Click here to download the publication

Written by Madhu Ramnath and Ramon Razal, Wild Tastes in Asia gives us a glimpse into the array of factors that go into the collection of food in the wild. Apart from skills, these factors include the knowledge to identify species, the spaces and times when particular foods become available, the resources necessary to collect certain foods (like traps and diggers), the norms involved in gathering and sharing food, and the traditions that ensure sustainable harvests of resources.

How to order a copy

Interested in a copy of Wild Tastes in Asia? Contact us at info@ntfp.org so we can arrange a delivery to you or your organization. Certain partner organizations and institutions are entitled to a free copy of the book as well.

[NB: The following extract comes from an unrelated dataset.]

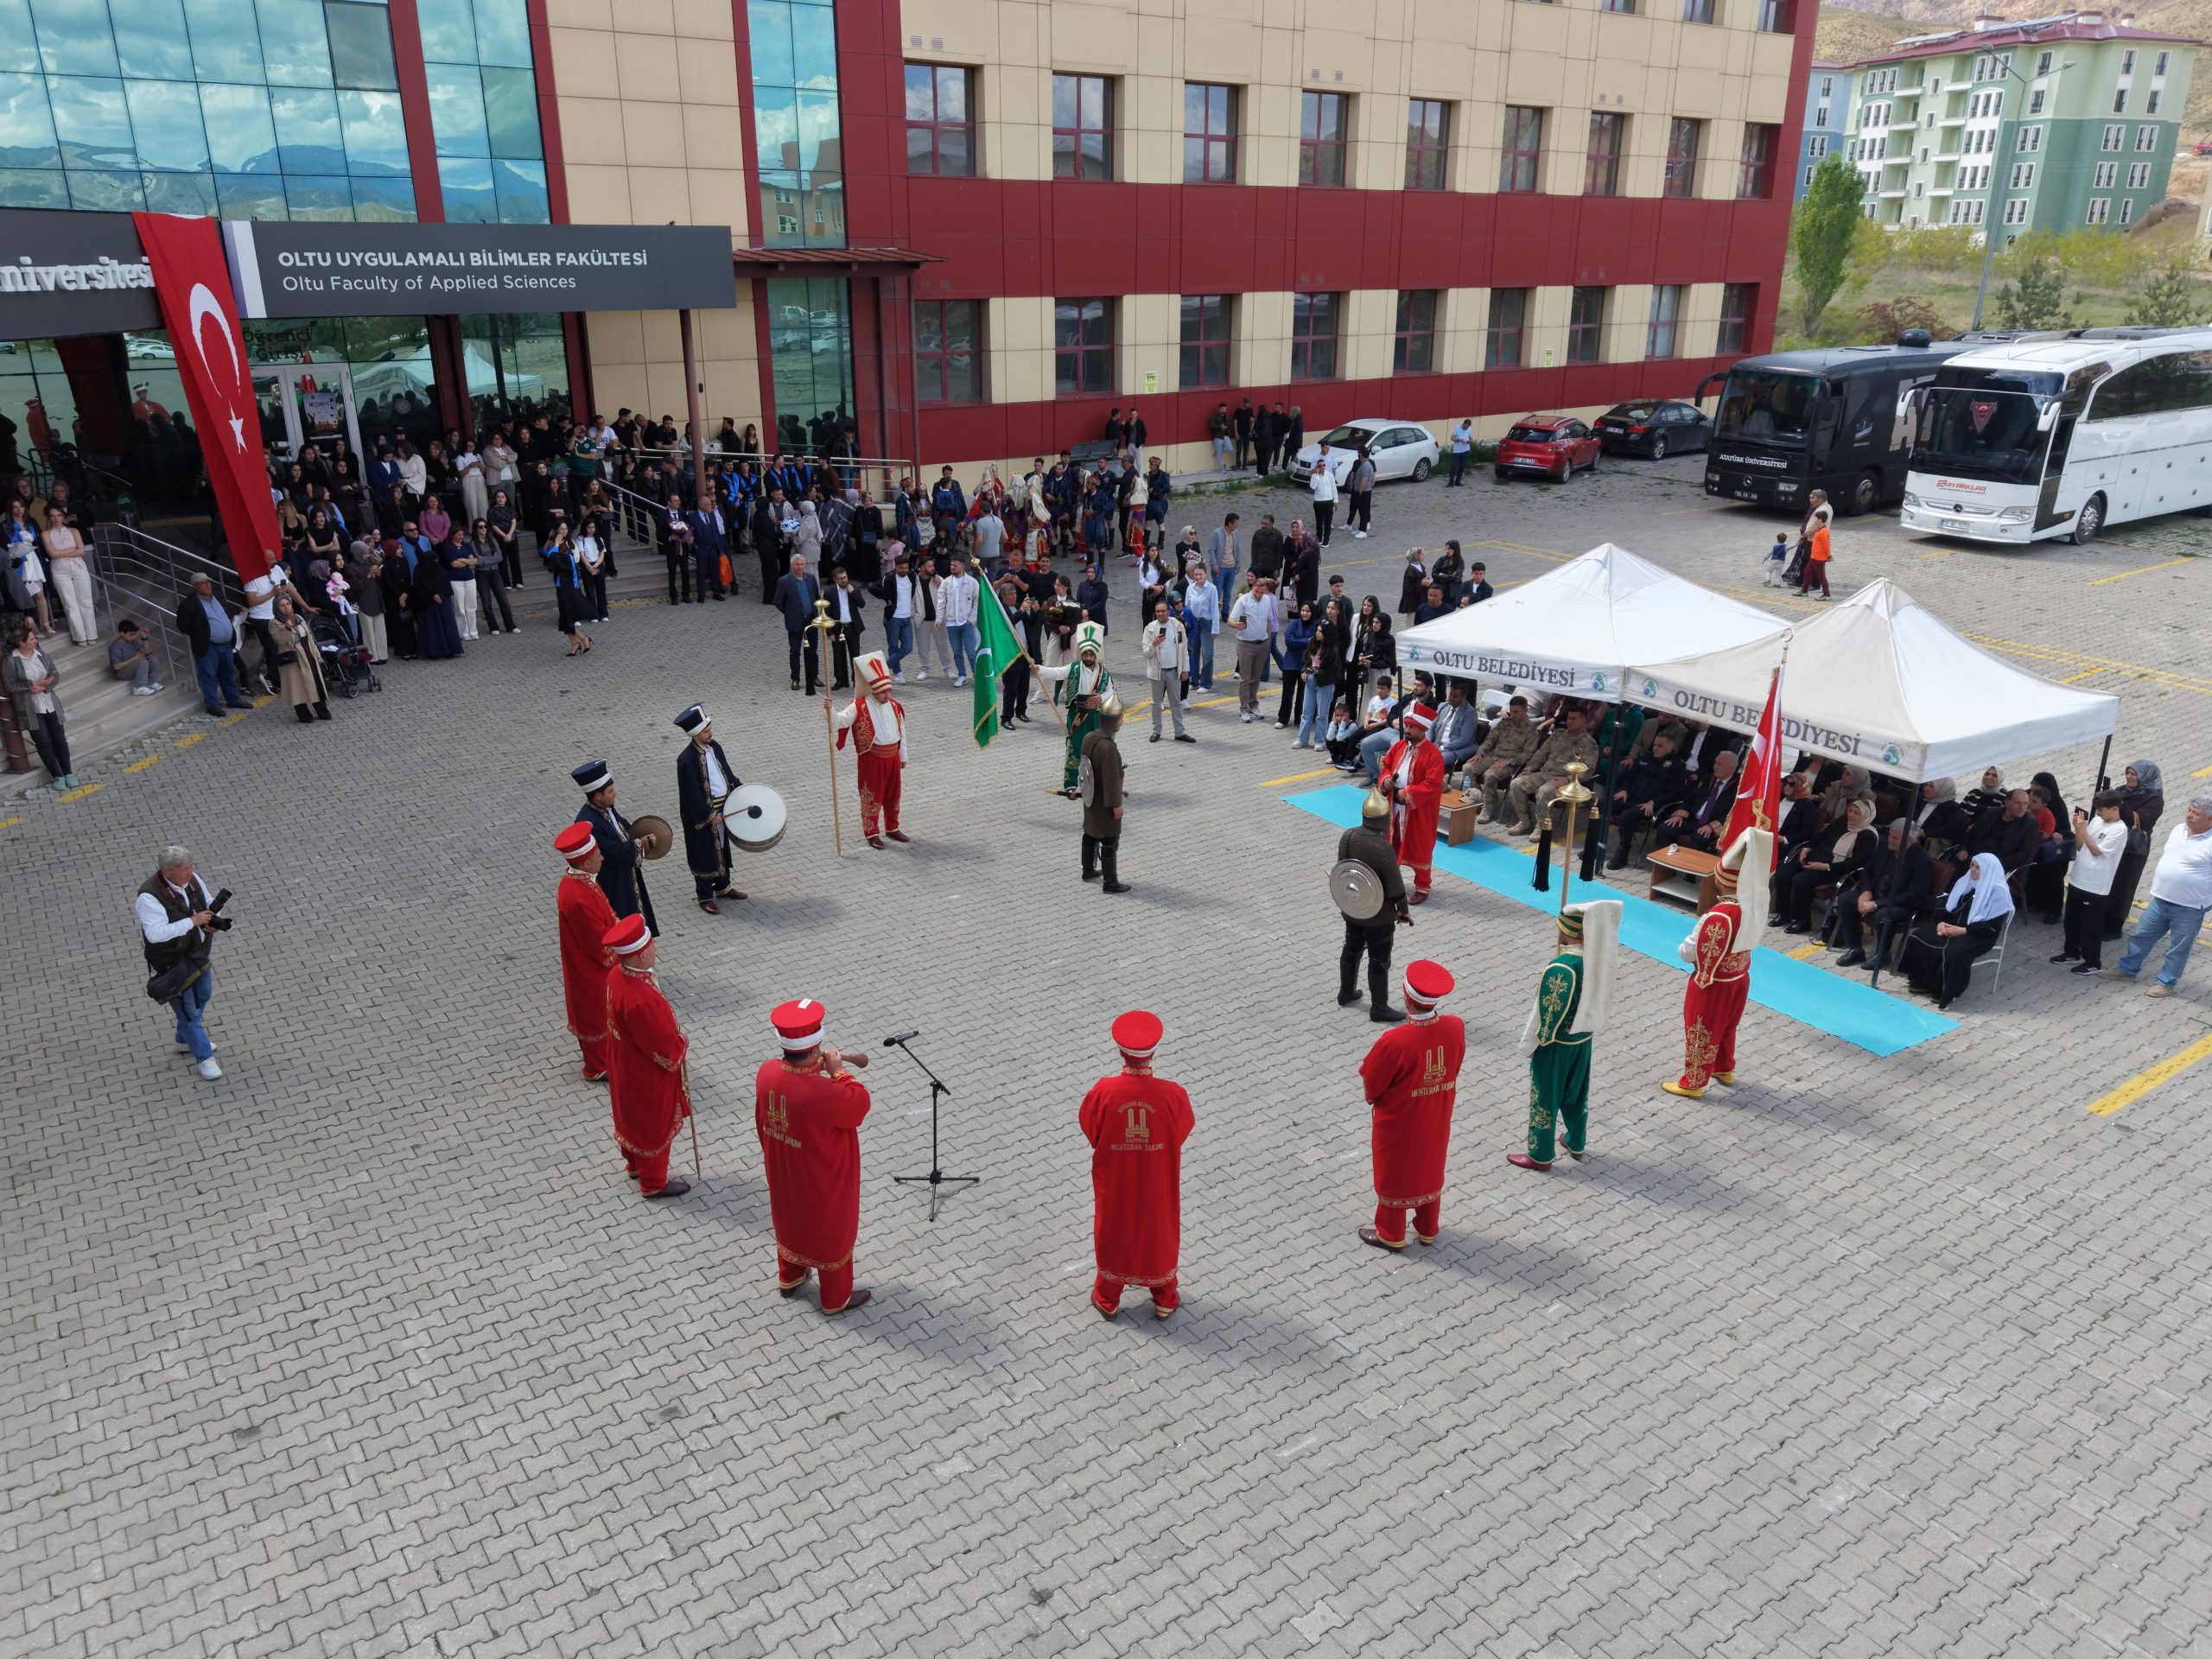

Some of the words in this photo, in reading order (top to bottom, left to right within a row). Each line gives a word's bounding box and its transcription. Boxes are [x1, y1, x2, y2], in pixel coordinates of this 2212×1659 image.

We are currently working on making the book available in e-commerce platforms and book shops. We will announce soon when this is available.

Reviews

Here’s what the experts have to say about Wild Tastes in Asia:

Dr. Jeremy Ironside

NTFP-EP trustee and McKnight Foundation consultant, with interest in sustainable agriculture and communal land and natural resource management

This book represents a truly important effort to understand the access to and use of wild foods in South and Southeast Asia. One key lesson from it is the significant variety of foods which forest peoples have relied on for centuries. This stands in significant contrast to modern diets which are based on a limited number of industrially produced staple foods. It also confirms recent research which shows the importance of food diversity for gut and general health.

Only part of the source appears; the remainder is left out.